YOUR INSTRUCTIONS »
Restate word for word every entry that appears below, skipping its pictures.

(Stored data)

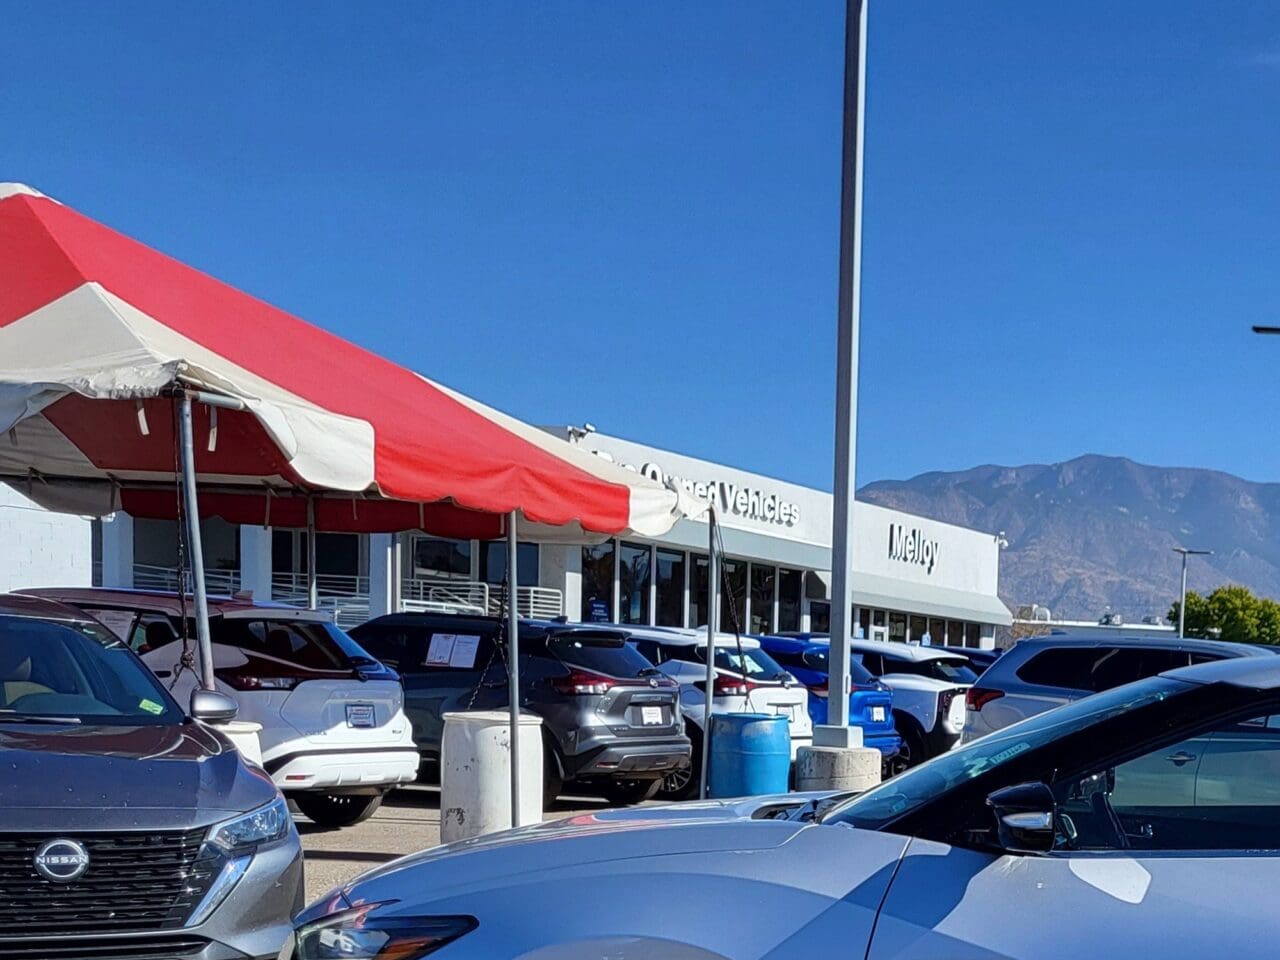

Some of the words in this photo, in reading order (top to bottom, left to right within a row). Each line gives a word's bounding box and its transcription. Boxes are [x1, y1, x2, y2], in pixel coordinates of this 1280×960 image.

[722, 480, 800, 527] Vehicles
[888, 523, 940, 575] Melloy
[36, 855, 89, 865] NISSAN
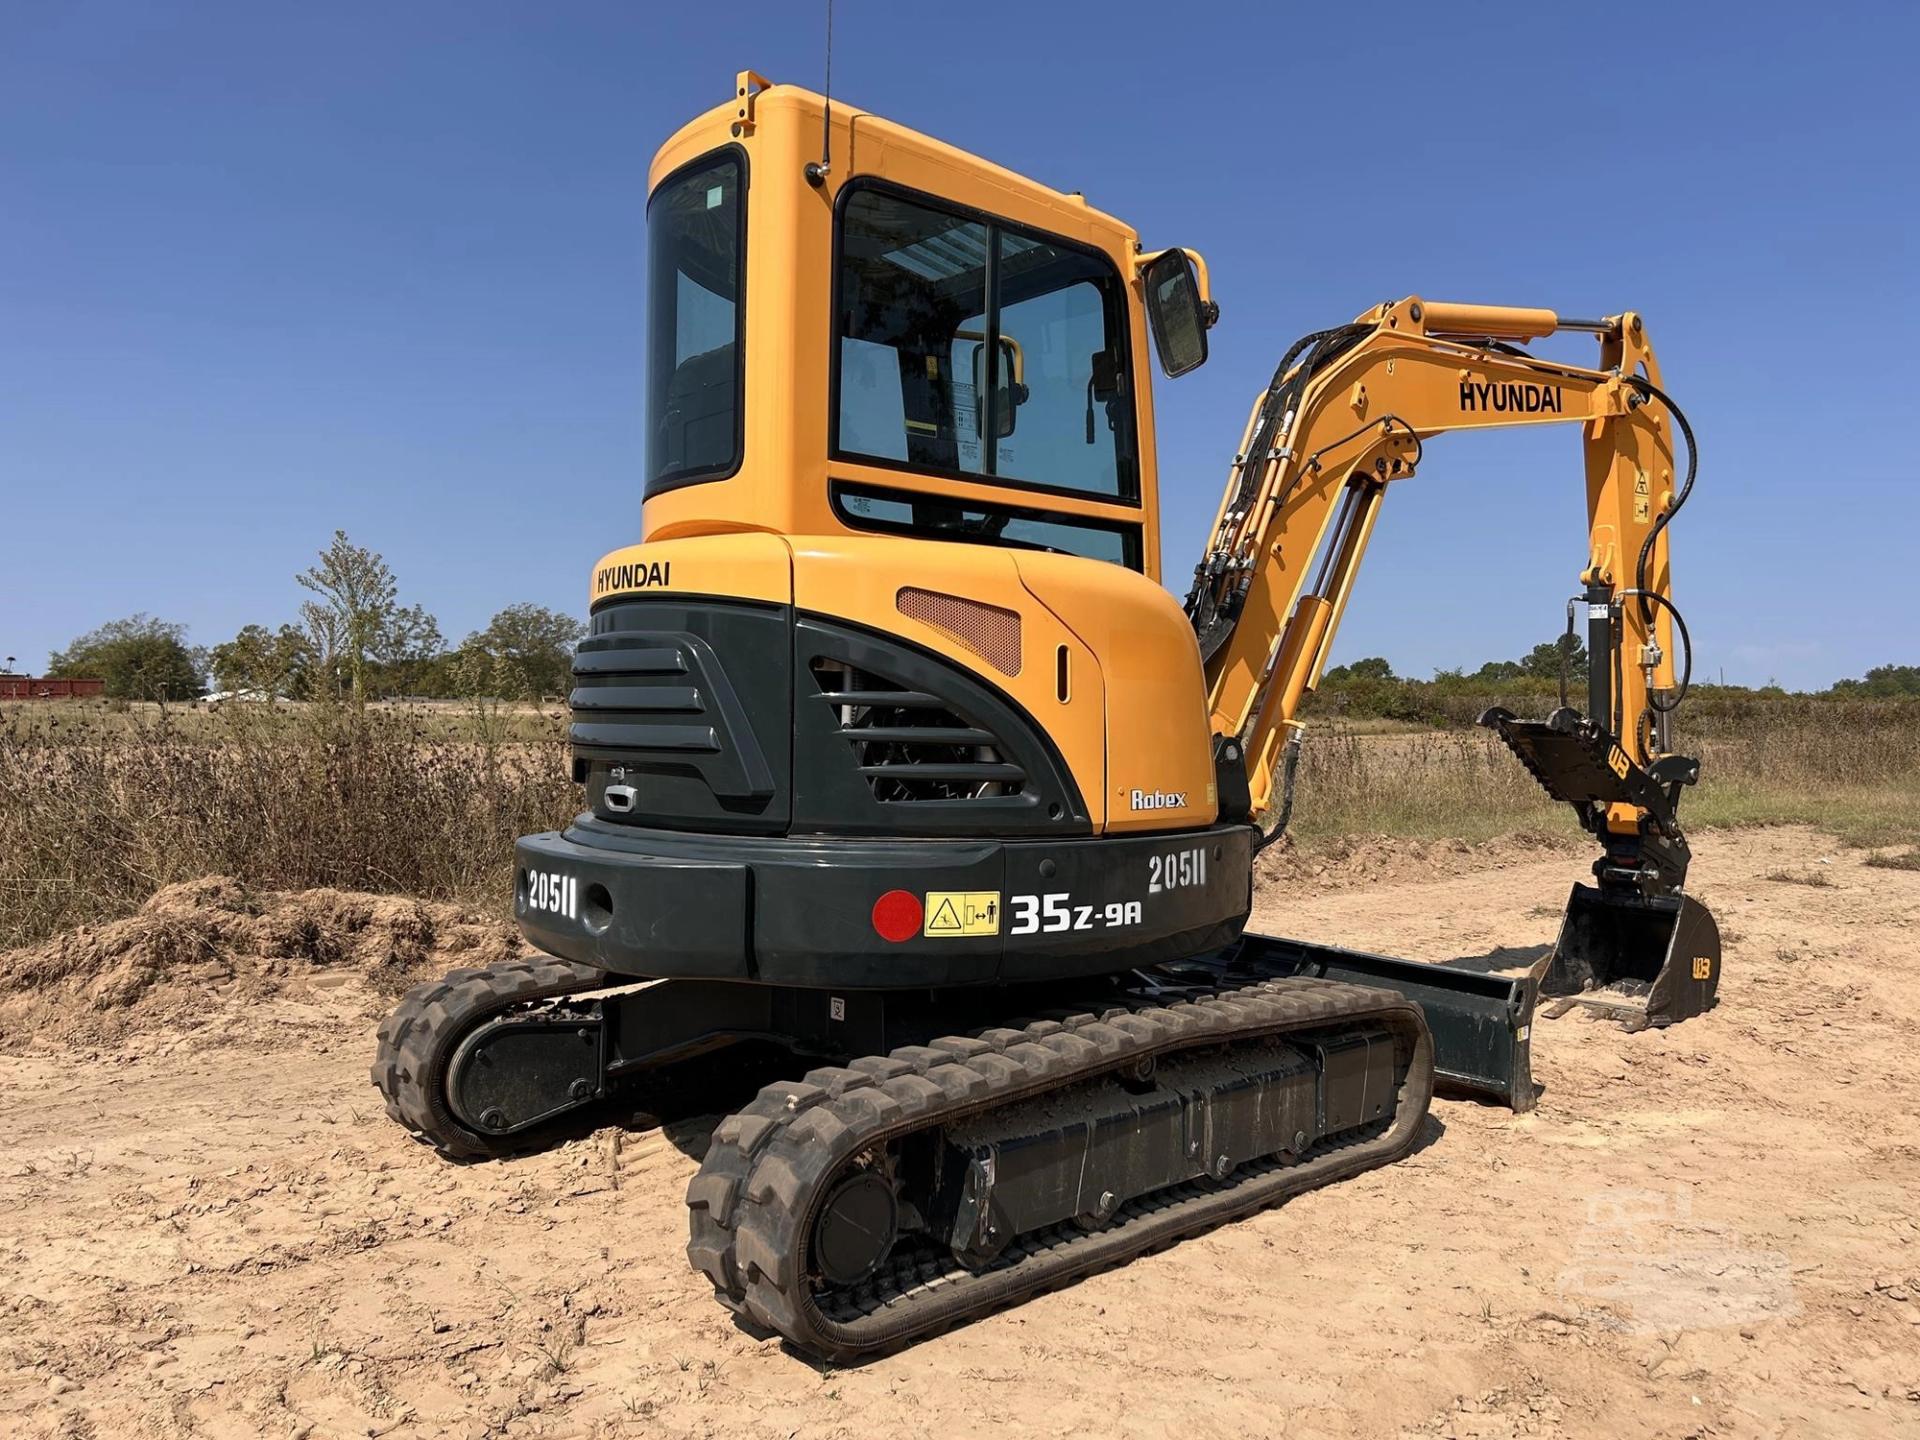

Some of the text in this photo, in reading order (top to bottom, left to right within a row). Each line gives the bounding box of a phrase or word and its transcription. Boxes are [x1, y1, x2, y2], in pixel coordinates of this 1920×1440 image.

ANSWER BOX »
Some of the words in this photo, in reading order (top to bottom, left to right within a row). Each line gives a word's bounding box and its transcription. Boxes are [x1, y1, x2, y2], in pixel coordinates of this 1280×960 image.

[722, 480, 800, 527] Vehicles
[888, 523, 940, 575] Melloy
[36, 855, 89, 865] NISSAN

Some of the text in this photo, in reading order (top to bottom, left to right within a row). Each line gives the bounding box of a phrase or word and its transcription. Boxes are [x1, y1, x2, y2], in pixel coordinates of this 1920×1440 image.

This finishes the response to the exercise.